Functionally altered neurocircuits in a rat model of treatment-resistant depression show prominent role of the habenula.

Author information

1
Research Group Translational Imaging, Department of Neuroimaging, Central Institute of Mental Health, Medical Faculty Mannheim, University of Heidelberg, Mannheim, Germany.
2
Research Group Translational Imaging, Department of Neuroimaging, Central Institute of Mental Health, Medical Faculty Mannheim, University of Heidelberg, Mannheim, Germany; Experimental Radiation Oncology, University Medical Center Mannheim, University of Heidelberg, Mannheim, Germany.
3
Tailored Therapeutics, Eli Lilly and Company, Indianapolis, IN, USA; Department of Psychological and Brain Sciences, Indiana University, Bloomington, IN, USA.
4
Department of Psychiatry and Psychotherapy, Central Institute of Mental Health, Medical Faculty Mannheim, University of Heidelberg, Mannheim, Germany.
5
Department of Psychiatry and Psychotherapy, Central Institute of Mental Health, Medical Faculty Mannheim, University of Heidelberg, Mannheim, Germany; Research Group Animal Models in Psychiatry, Central Institute of Mental Health, Medical Faculty Mannheim, University of Heidelberg, Mannheim, Germany.
6
Research Group Translational Imaging, Department of Neuroimaging, Central Institute of Mental Health, Medical Faculty Mannheim, University of Heidelberg, Mannheim, Germany; Department of Psychiatry and Psychotherapy, Central Institute of Mental Health, Medical Faculty Mannheim, University of Heidelberg, Mannheim, Germany. Electronic address: alexander.sartorius@zi-mannheim.de.

Abstract

Treatment-resistant depression (TRD) remains a pressing clinical problem. Optimizing treatment requires better definition of the function and specificity of the brain circuits involved.
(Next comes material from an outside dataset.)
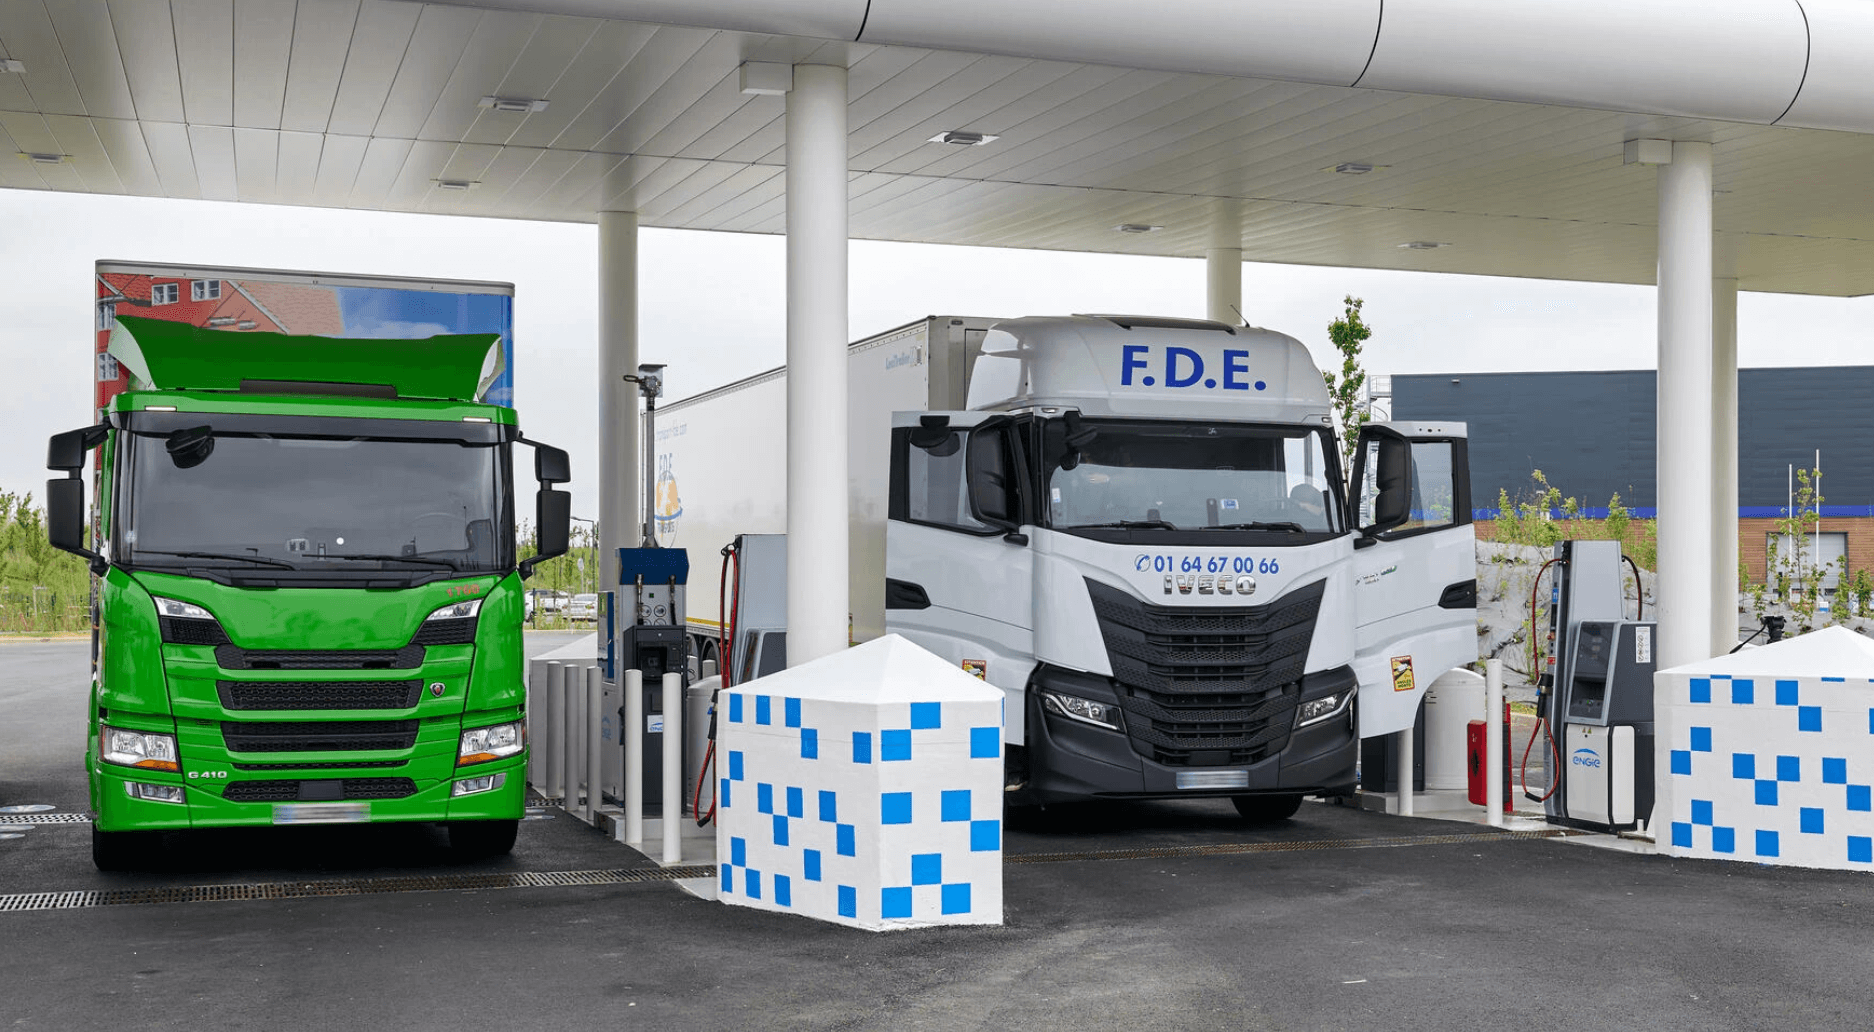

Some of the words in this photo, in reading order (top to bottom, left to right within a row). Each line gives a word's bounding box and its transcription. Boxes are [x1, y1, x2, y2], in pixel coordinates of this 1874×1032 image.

To investigate disease-related alterations of brain function we used a genetic animal model of TRD, congenital learned helplessness (cLH), and functional magnetic resonance imaging as a translational tool. High-resolution regional cerebral blood volume (rCBV) and resting-state functional connectivity measurements were acquired at 9.4T to determine regional dysfunction and interactions that could serve as vulnerability markers for TRD. Effects of cLH on rCBV were determined by statistical parametric mapping using 35 atlas-based regions of interest. Effects of cLH on functional connectivity were assessed by seed region analyses. Significant bilateral rCBV reductions were observed in the lateral habenula, dentate gyrus and subiculum of cLH rats. In contrast, focal bilateral increase in rCBV was observed in the bed nucleus of stria terminalis (BNST), a component of the habenular neurocircuitry. Functional connectivity was primarily enhanced in cLH rats, most notably with respect to serotonergic projections from the dorsal raphe nucleus to the forebrain, within the hippocampal-prefrontal network and between the BNST and lateral frontal regions. Dysregulation of neurocircuitry similar to that observed in depressed patients was detected in cLH rats, supporting the validity of the TRD model and suitability of high-field fMRI as a translational technology to detect and monitor vulnerability markers. Our findings also define neurocircuits that can be studied for TRD treatment in patients, and could be employed for translational research in rodent models.

KEYWORDS:

Congenital learned helplessness; Depression; Functional connectivity; Habenula; Rat; rCBV

PMID:
24370074
DOI:
10.1016/j.euroneuro.2013.12.004
[Indexed for MEDLINE]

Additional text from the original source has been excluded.